Traduit de l’allemand par J.-L. Georget et P. Grosos

Paris, Vrin, 2023, 

155 p., 18,00€

Le philosophe allemand Hermann Schmitz (1928-2021), s’inscrit dans le courant de la phénoménologie à laquelle il a apporté une réflexion qu’il veut innovante, dès lors qu’il ambitionne de créer une « nouvelle phénoménologie ». Il centre sa pensée sur « l’expérience involontaire de la vie » dont témoigne son livre, Atmosphären, publié en 2014 et traduit aujourd’hui en français sous le titre Atmosphères. Le lecteur est confronté à de très nombreuses répétitions car l’ouvrage résulte de la réunion de textes de conférences et d’articles, dont deux avaient déjà paru en français.
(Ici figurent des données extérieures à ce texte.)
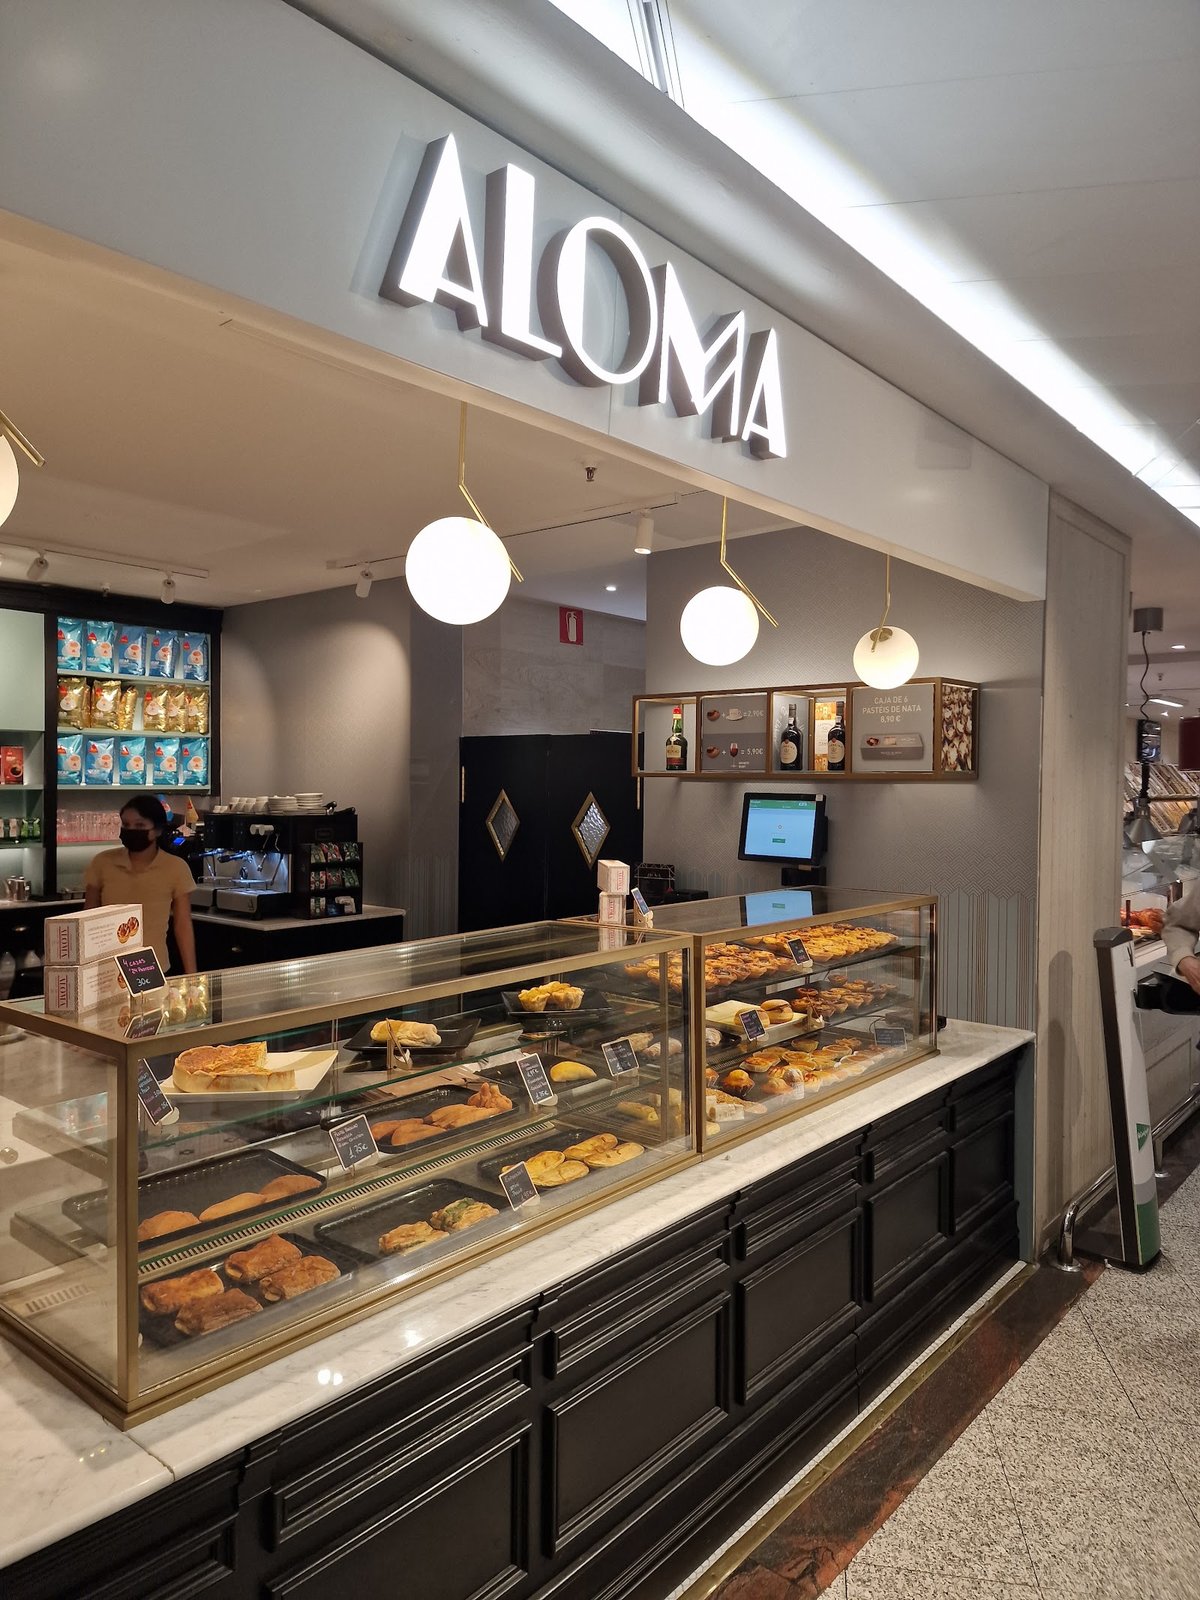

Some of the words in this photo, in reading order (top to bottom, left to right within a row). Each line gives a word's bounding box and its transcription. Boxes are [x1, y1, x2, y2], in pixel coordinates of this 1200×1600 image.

[384, 131, 787, 459] ALOMA
[874, 696, 891, 705] CAJA
[892, 695, 902, 704] DE
[903, 695, 908, 703] 6
[891, 705, 900, 713] DE
[901, 704, 921, 713] NATA
[122, 959, 129, 967] 4
[136, 977, 151, 987] 30€
L’atmosphère est ce qui nous enveloppe, nous entoure. Empédocle (philosophe et médecin grec du Ve s. av. J.-C.), disciple de Pythagore, déjà s’y intéressait en tant qu’enveloppe du monde (« Sphairos ») rempli d’atomes qui s’unissent et se séparent sous l’effet de deux forces, l’amitié et la haine. Schmitz convoque rapidement l’œuvre du philosophe d’Agrigente qu’il qualifie de « compréhension archaïque du sentiment ». Pour Schmitz, l’atmosphère se rattache à la chair sensible, entendue comme « chair du monde », ce qui ne manque pas de rappeler au lecteur la phénoménologie de Maurice Merleau-Ponty qui n’est cependant jamais citée dans le livre. Schmitz ne mentionne pas davantage le psychiatre Ludwig Binswanger (1881-1966), le maître de la « Daseinanalyse » qui a recouru à la notion d’atmosphère pour expliquer le cas d’une patiente. Encore plus étonnant, le livre ne comporte aucune référence au théoricien de l’atmosphère par excellence, Hubertus von Tellenbach (1914-1994), auteur de Geschmack und Atmosphäre (1968) (Goût et atmosphère, traduit en français par Jean Amsler, Presses universitaires de France, 1974).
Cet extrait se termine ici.